Tim Muehlhoff: Right? But Satan was able to give him a panoramic view of all the kingdoms of the world, past, present, future, and that's what Jesus was looking at. Satan was able to even plant thoughts into the mind of Jesus. So, we do think that Satan can plant thoughts of anger, betrayal, jealousy, greed, things like that.
Tim Muehlhoff: So, that's important because when we get to the top five list, we're gonna see that a lot of them have to do with thoughts that we have.
Chris Grace: Yeah, and I think, too, Tim, and when you spend time reading in this area, you recognize again that, that kind of craftiness.
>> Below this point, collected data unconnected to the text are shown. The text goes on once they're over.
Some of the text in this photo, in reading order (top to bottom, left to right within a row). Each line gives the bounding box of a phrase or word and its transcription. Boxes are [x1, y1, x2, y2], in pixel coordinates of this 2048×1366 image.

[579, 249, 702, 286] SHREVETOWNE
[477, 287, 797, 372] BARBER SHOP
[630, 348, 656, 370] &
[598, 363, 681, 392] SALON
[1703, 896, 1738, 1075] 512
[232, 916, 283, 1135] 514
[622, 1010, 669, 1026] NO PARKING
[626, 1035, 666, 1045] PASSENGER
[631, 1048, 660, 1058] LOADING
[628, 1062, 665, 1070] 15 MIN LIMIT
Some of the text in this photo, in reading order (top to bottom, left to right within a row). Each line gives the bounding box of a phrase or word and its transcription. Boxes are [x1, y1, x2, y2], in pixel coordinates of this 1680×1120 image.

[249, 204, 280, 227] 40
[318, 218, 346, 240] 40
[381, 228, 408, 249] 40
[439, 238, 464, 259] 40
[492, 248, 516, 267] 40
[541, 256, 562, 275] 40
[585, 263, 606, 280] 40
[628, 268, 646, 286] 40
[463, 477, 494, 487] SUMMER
We also recognize there are limits, right? To Satan's capacities and abilities, he's not omnipresent, he's not everywhere at once. He's not like God in that way.
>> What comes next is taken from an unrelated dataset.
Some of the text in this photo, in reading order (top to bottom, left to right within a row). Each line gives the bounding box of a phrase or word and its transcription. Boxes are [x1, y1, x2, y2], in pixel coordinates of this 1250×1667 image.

Chris Grace: And yet he has hosts of people and fallen angels, and they can, very well do his bidding. And so each of us, while maybe not directly confronted by Satan himself are, on a regular basis dealing with enemies of Jesus and enemies of God, who have fallen and in the spiritual realm.
Tim Muehlhoff: Yeah, two great points. It's a great point to say that Satan's not omnipresent, he's not everywhere. So, we kind of use that term kind of in a loose way. So, Satan most likely isn't dealing with your marriage, right? You probably don't rank that high on the hit list.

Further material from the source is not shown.